Si tu ne t'aimes pas, tu ne peux pas aimer ?
"Si tu ne t'aimes pas, tu ne peux aimer."
Cette phrase revient beaucoup en ce moment
dans les messages que je lis. Et chaque fois, elle me dérange. J'ai bien
compris que l'on ne peut pas offrir ce que l'on ne possède pas. Cela parait
évident d'un point de vue matériel, mais au niveau des sentiments, je trouve
que cela ne s'applique pas.
Lorsque je décide d'écrire afin d'y voir
plus clair et laisser les mots et la compréhension apparaitrent sur l'écran de mon ordinateur, je lis à ce moment-là :
"Aucun amour n'est suffisant pour
combler le vide d'une personne qui ne s'aime pas elle-même."
Irène Orce
Irène Orce
Et là ça résonne en moi, oui, tant que je
ne m'aime pas, je ne peux pas le recevoir de l'extérieur.
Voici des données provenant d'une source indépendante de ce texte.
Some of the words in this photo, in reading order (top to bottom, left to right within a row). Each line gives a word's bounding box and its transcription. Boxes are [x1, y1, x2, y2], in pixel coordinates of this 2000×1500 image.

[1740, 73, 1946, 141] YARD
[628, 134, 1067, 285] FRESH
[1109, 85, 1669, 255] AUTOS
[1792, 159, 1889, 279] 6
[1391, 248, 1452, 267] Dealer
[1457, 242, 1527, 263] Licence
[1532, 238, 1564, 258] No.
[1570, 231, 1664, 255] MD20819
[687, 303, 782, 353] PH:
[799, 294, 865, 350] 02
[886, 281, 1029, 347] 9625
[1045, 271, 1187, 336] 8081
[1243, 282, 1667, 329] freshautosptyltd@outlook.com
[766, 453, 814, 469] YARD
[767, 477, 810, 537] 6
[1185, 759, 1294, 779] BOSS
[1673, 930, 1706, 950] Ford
Car je ferme la
porte. Je mettrais tôt au tard cet amour en doute. J'aurais besoin de preuves,
de validations et de plus en plus d'amour, pour m'assurer qu'il est réel.
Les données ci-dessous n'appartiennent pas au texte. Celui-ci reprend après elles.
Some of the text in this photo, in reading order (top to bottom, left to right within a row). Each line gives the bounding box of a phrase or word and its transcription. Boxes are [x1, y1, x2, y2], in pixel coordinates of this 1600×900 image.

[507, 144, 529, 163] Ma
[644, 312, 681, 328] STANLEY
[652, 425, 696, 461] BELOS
Ne pas m'aimer ne met pas en cause celui
que j'éprouve vers l'extérieur. C'est un élan impétueux qui échappe à mon
raisonnement.
Je me rappelle un moment fort dans ma vie,
j'allais entrer dans un magasin avec ma petite fille que je tenais par la main.
Je ne me rappelle pas si elle m'a parlé, mais j'ai tourné mon regard vers elle
et à cet instant, j'ai ressenti un amour pour elle si immense et une gratitude
intense s'est exprimée de l'avoir dans mon existence, que mes larmes ont
coulées sur mon visage, j'étais comme touchée par la grâce. Un moment suspendu
de quelques secondes qui ont transformé à jamais ma vision d'aimer.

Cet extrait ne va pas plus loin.